Juliette’s autobiographical chapters have many 60s and 70s cultural references from her adolescent years.  She recaps the challenges, some painful, of growing up in a split household bouncing between the polar-opposite home environments.  She will eventually marry and have two daughters, Clemmie and Flora, generation seven. They will relocate to New York where the demands of careers, child-care & guilt, and the everyday stress of living in 1980s Manhattan will help drive Juliette to the family curse of alcohol, and eventually the demise of the marriage.  As divorces go however, it wasn’t contentious.  Her husband did not stand in the way of Juliette and the girls returning to England to live at Sissinghurst with Nigel.  There they would bring a needed calmness to their lives.  

As the book ends, Imogene who is generation eight, is born.  This book is for her to know, and to write the next chapters.

A House Full of Daughters is an unusual book to read.  It is a genealogy written following the female line, unusual for most western societies, (and more difficult to trace because of the changing surnames) and also written in a female perspective – think Little Women by Louisa May Alcott (though I’m not equating the two books). 

Recommendation:  If you are a daughter or a fan of Bloomsbury-like literary histories, you’ll identify with and enjoy the book.  If you are not, then perhaps you need to read the book.


Sunday, September 2, 2018

Westerns (collected 2018) By Elmore Leonard


One of my summer reads was the collected Westerns of Elmore Leonard published by the Library of America.  It includes four books and eight short stories written in the 1950s and 60s by Leonard, before he switched to writing crime novels, for which he became better known (Get Shorty).  His Westerns though include some of the classics of the genre: Hombre, Valdez is Coming, and Three Ten to Yuma, all set in the Arizona Territory.  While I don’t consider myself a western aficionado, I rather enjoyed these.  

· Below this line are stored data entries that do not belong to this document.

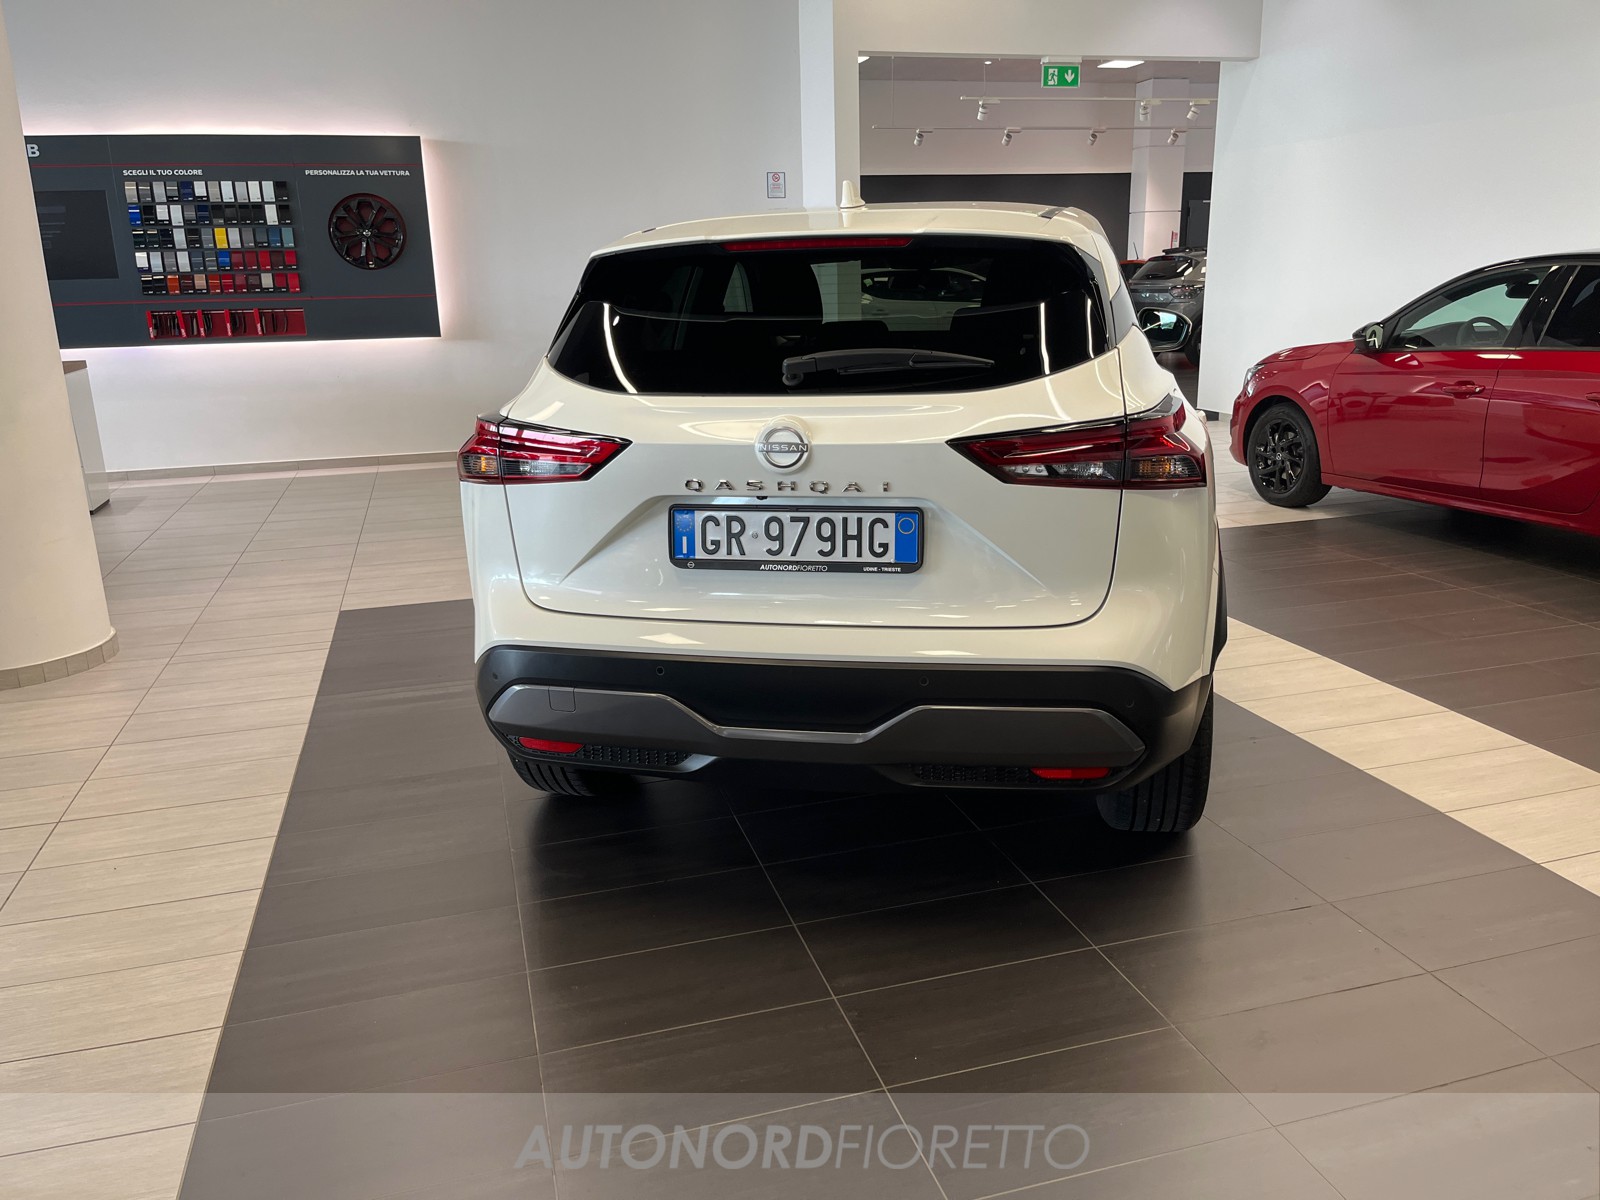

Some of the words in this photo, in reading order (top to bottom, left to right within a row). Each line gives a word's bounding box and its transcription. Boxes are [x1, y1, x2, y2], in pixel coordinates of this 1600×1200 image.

[379, 169, 411, 177] VETTURA
[757, 443, 808, 452] NISSAN
[684, 479, 890, 494] QASHQAI
[700, 515, 747, 556] GR
[763, 515, 890, 558] 979HG
[759, 563, 828, 572] AUTONORDFIORETTO
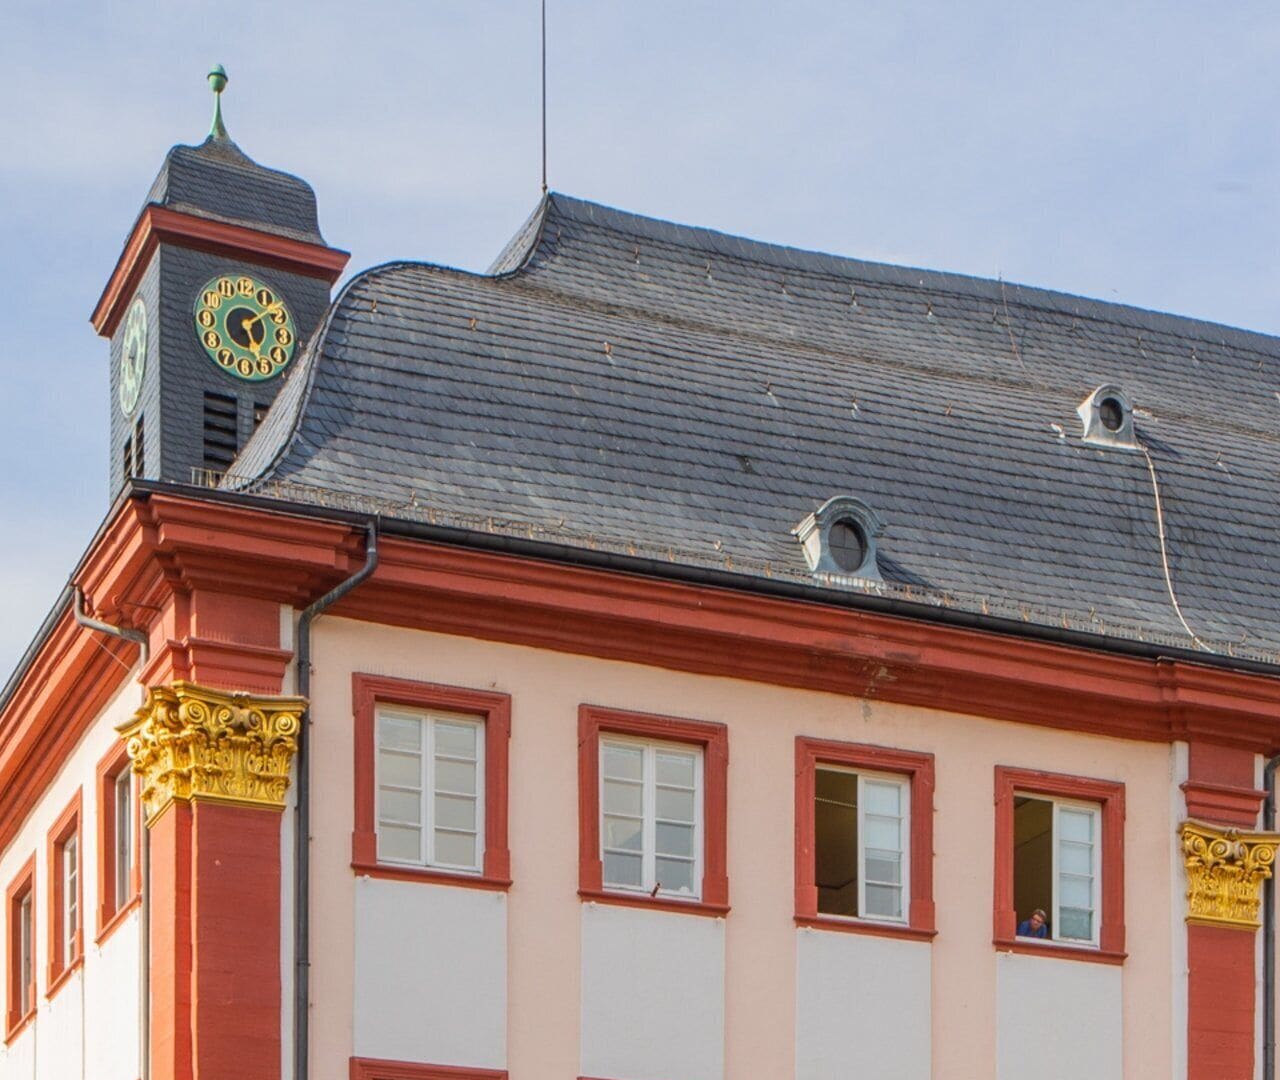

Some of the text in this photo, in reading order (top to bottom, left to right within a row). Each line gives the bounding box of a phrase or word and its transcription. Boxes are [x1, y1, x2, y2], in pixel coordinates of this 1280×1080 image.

[221, 280, 232, 297] 11
[239, 279, 254, 296] 12
[207, 292, 219, 309] 10
[262, 290, 268, 306] 1
[202, 313, 211, 327] 9
[275, 309, 283, 323] 2
[207, 332, 217, 348] 8
[279, 327, 288, 345] 3
[222, 350, 231, 365] 7
[273, 347, 282, 362] 4
[241, 359, 250, 376] 6
[261, 359, 269, 376] 5
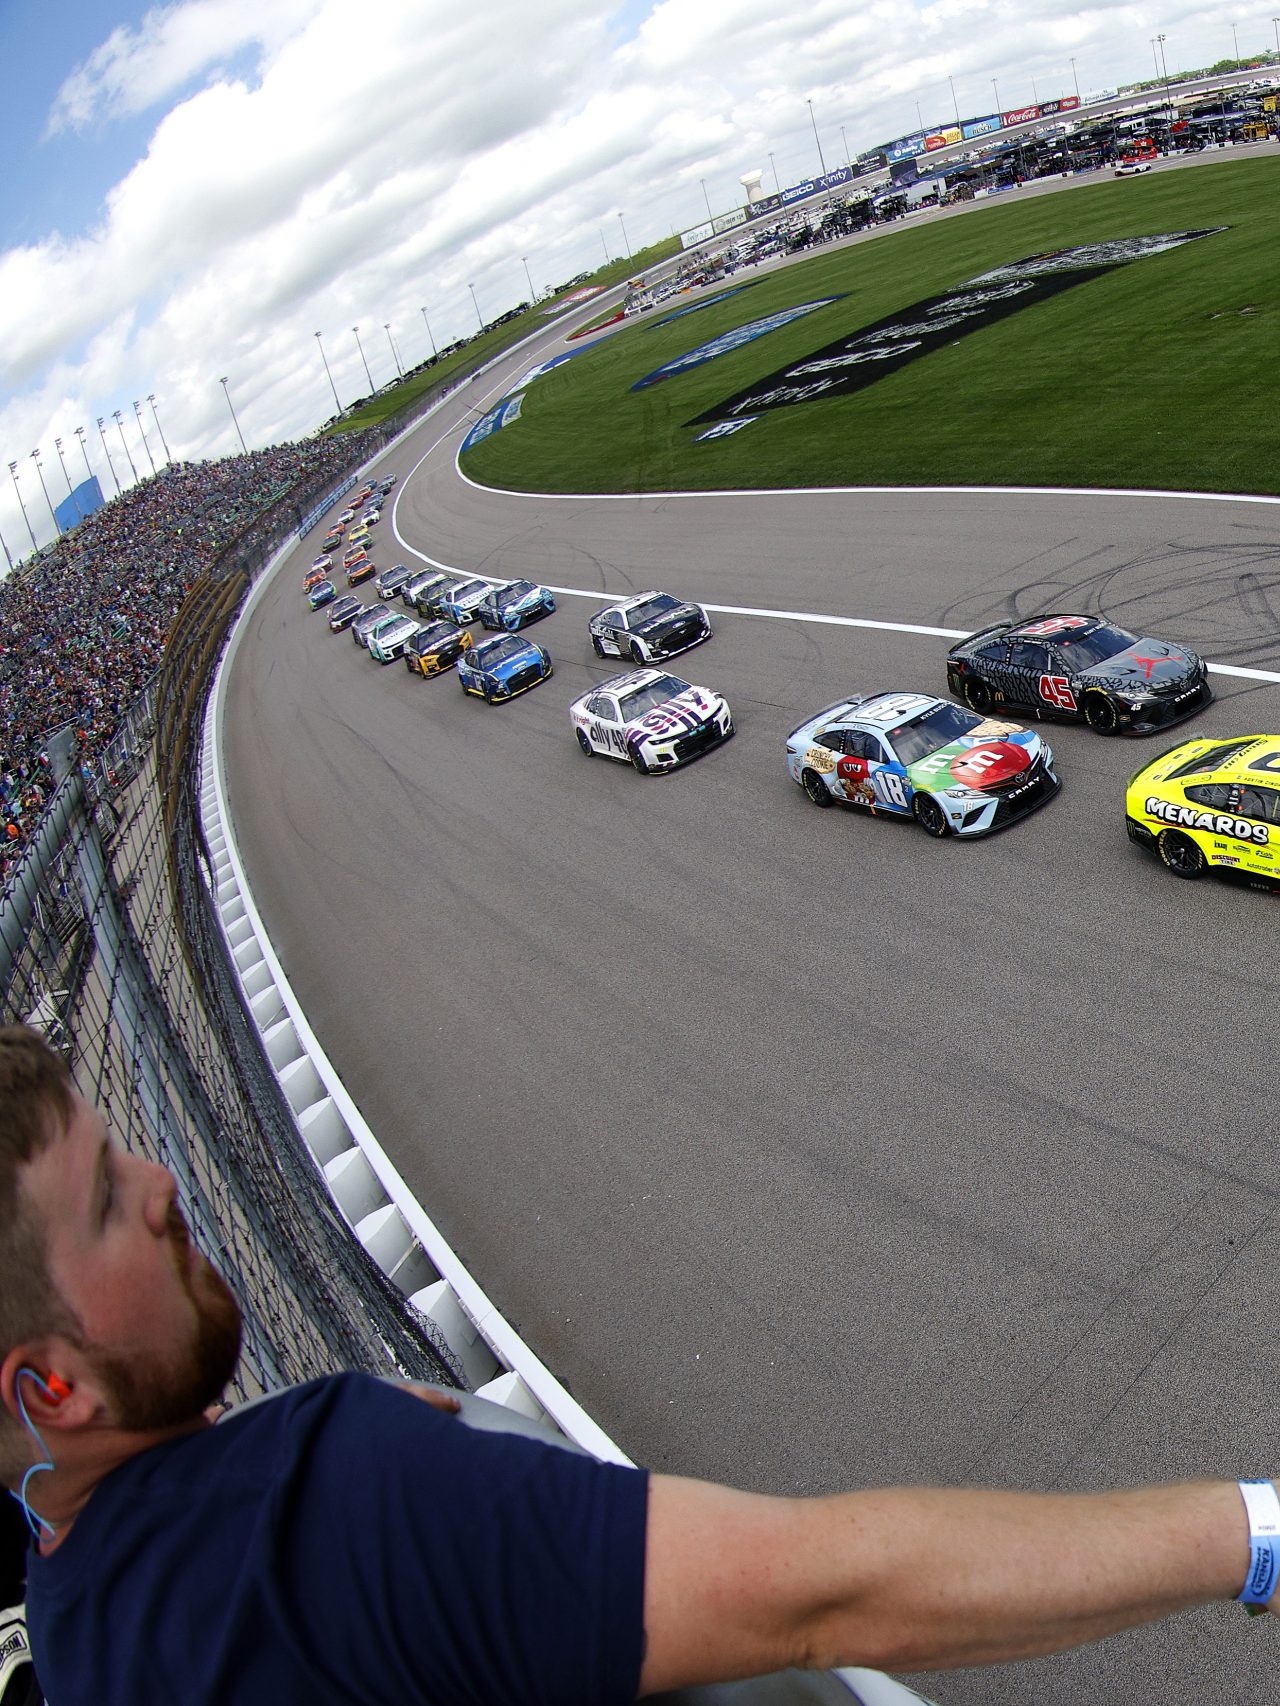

It would have been rather difficult to avoid Westerns when I was a child, they were an ever present cultural phenomena.  As kids my brother Randy and I could only stay up “past bedtime” if our father stayed up too.  Many a Friday and Saturday nights were spent sprawled on the floor in front of the family’s first color television watching Westerns on the late show – and if my father fell asleep on the couch, we’d sneak in the late-late show too.

And speaking of a by-gone era, most of these works were originally published in their whole, or serialized, in Argosy or Dime Westerns, staples of a magazine culture that has also gone the way of the dinosaur.  Leonard’s writing is flawless, and his story telling is perfectly structured (honed by magazine editors who bought stories based on the word count), and which may account for why so many of his works have been made into movies, some good, most not so good.



There is some difficulty reading books in 2018 that were written in the 50s and 60s.  The acceptable vernacular of the time, grates when read today, never more so than in Forty Lashes Less One, a prison story where two of the main characters are an African American and an AZ-born Mexican-Native American.  By the end of the novel, they will be known as “the Zulu” and “the Apache” though even that wasn’t where the conversation began.  Both are imprisoned for murder.  They are set up against each other by the “civilized” white men who control the prison, then “saved” (sort of) by a minister, eventually becoming allies.  Spoiler: they will get the last laugh.

Valdez is Coming is my favorite of the collected books.  The star of it is a town constable who, based on bad intel, shoots an innocent man and then tries to take up a collection of $200 for the guy’s “woman.”

The full-length novels included in the collection are: Last Stand at Saber River, Hombre, Valdez is Coming, and Forty Lashes Less One.  The short stories are:  Trail of the Apache, The Rustlers, Three Ten to Yuma, Blood Money, The Captives, The Nagual, The Kid, and The Tonto Woman.

Recommendation:  Great “bedtime” reads, especially for those who no longer stay up to watch the late show.